◆ Exercise details
Copy the data exactly. No line may be skipped.

[Opening Record excerpts section]

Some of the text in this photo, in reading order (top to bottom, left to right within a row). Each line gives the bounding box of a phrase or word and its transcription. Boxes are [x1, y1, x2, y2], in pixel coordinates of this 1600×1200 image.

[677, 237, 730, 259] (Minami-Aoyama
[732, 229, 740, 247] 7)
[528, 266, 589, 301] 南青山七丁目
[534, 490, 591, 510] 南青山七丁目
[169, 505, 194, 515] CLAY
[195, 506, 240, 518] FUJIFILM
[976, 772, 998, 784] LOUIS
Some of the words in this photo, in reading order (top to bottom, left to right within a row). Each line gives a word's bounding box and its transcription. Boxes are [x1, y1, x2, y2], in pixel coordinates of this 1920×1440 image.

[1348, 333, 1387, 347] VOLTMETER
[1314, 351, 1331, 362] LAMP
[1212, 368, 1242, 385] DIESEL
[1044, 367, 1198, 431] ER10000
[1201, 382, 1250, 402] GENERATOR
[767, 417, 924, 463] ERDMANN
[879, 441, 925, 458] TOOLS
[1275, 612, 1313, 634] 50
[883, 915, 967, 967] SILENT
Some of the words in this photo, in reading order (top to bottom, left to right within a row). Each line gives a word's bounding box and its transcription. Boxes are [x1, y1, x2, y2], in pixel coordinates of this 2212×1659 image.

[Closing Record excerpts section]

◆ Reply
Some of the text in this photo, in reading order (top to bottom, left to right within a row). Each line gives the bounding box of a phrase or word and its transcription. Boxes are [x1, y1, x2, y2], in pixel coordinates of this 1600×1200 image.

[677, 237, 730, 259] (Minami-Aoyama
[732, 229, 740, 247] 7)
[528, 266, 589, 301] 南青山七丁目
[534, 490, 591, 510] 南青山七丁目
[169, 505, 194, 515] CLAY
[195, 506, 240, 518] FUJIFILM
[976, 772, 998, 784] LOUIS
Some of the words in this photo, in reading order (top to bottom, left to right within a row). Each line gives a word's bounding box and its transcription. Boxes are [x1, y1, x2, y2], in pixel coordinates of this 1920×1440 image.

[1348, 333, 1387, 347] VOLTMETER
[1314, 351, 1331, 362] LAMP
[1212, 368, 1242, 385] DIESEL
[1044, 367, 1198, 431] ER10000
[1201, 382, 1250, 402] GENERATOR
[767, 417, 924, 463] ERDMANN
[879, 441, 925, 458] TOOLS
[1275, 612, 1313, 634] 50
[883, 915, 967, 967] SILENT
Some of the words in this photo, in reading order (top to bottom, left to right within a row). Each line gives a word's bounding box and its transcription. Boxes are [x1, y1, x2, y2], in pixel coordinates of this 2212×1659 image.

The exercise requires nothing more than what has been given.